START Extracted data
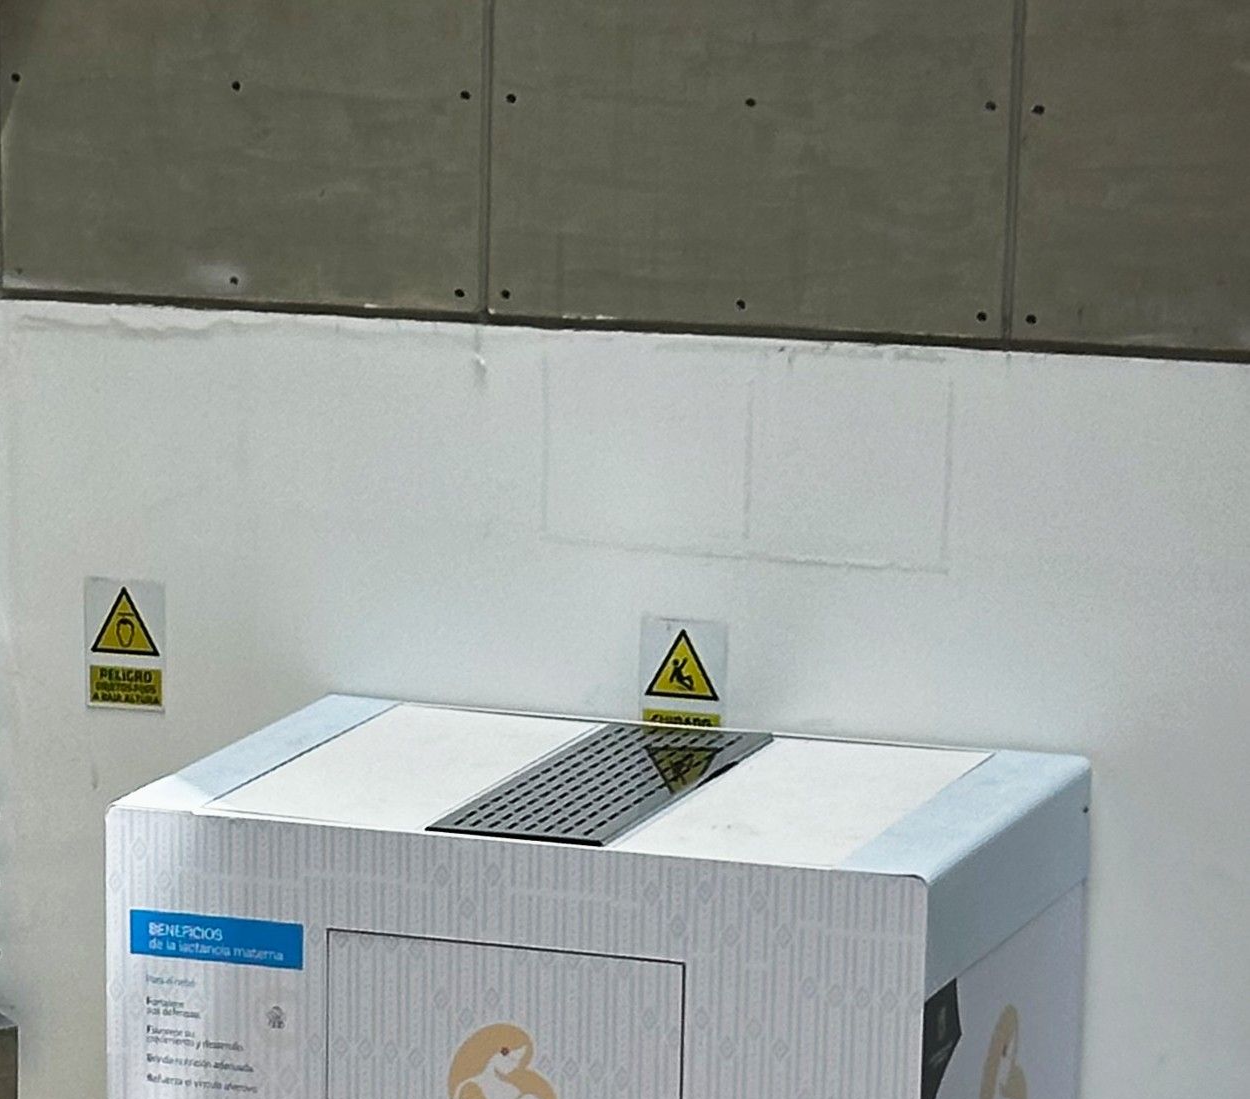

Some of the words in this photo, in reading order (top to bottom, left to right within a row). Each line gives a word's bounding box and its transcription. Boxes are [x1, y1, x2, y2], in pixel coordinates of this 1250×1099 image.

[100, 667, 152, 683] PELIGRO
[148, 921, 223, 942] BENEFICIOS
[148, 937, 163, 951] de
[166, 940, 177, 952] la
[178, 941, 232, 957] lactancia
[233, 947, 284, 962] materna
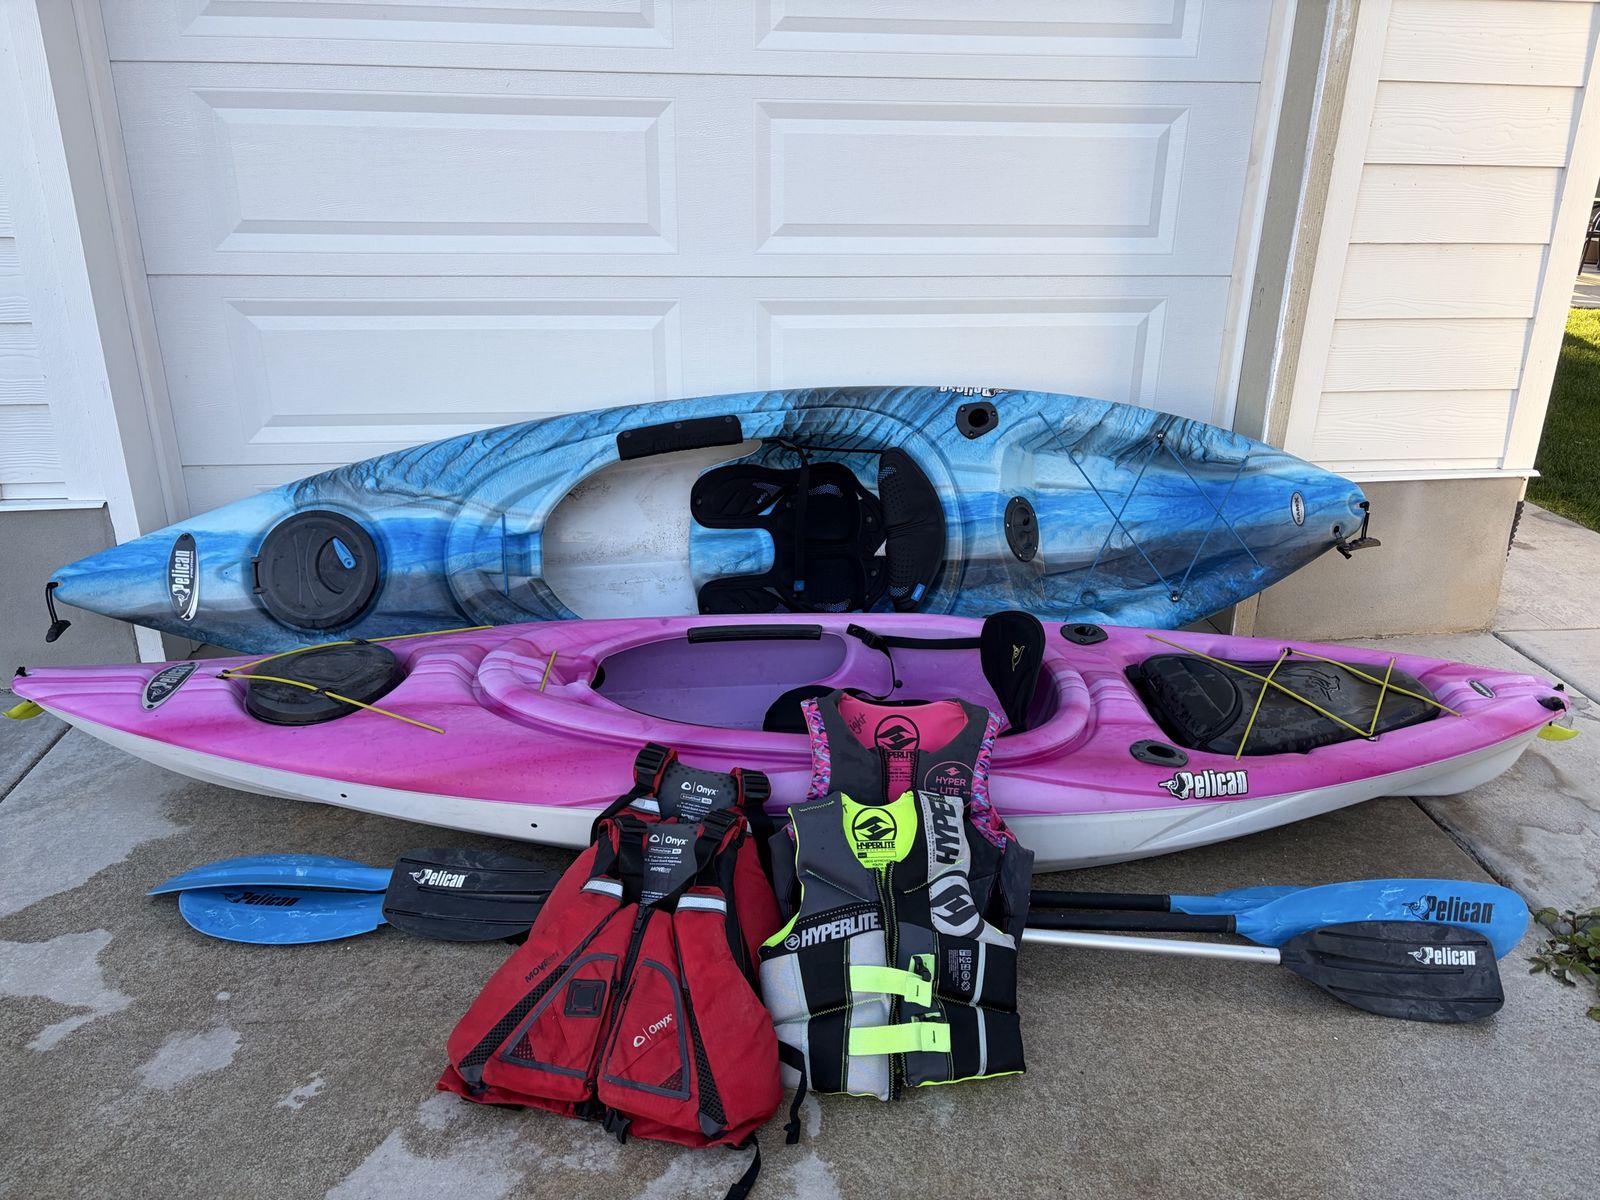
END Extracted data
■ **Activity**: Put each line of the listing above into the copy exactly, dropping the pictures.

■ **Solution to this exercise**:
Some of the words in this photo, in reading order (top to bottom, left to right within a row). Each line gives a word's bounding box and its transcription. Boxes are [x1, y1, x2, y2], in pixel coordinates of this 1250×1099 image.

[100, 667, 152, 683] PELIGRO
[148, 921, 223, 942] BENEFICIOS
[148, 937, 163, 951] de
[166, 940, 177, 952] la
[178, 941, 232, 957] lactancia
[233, 947, 284, 962] materna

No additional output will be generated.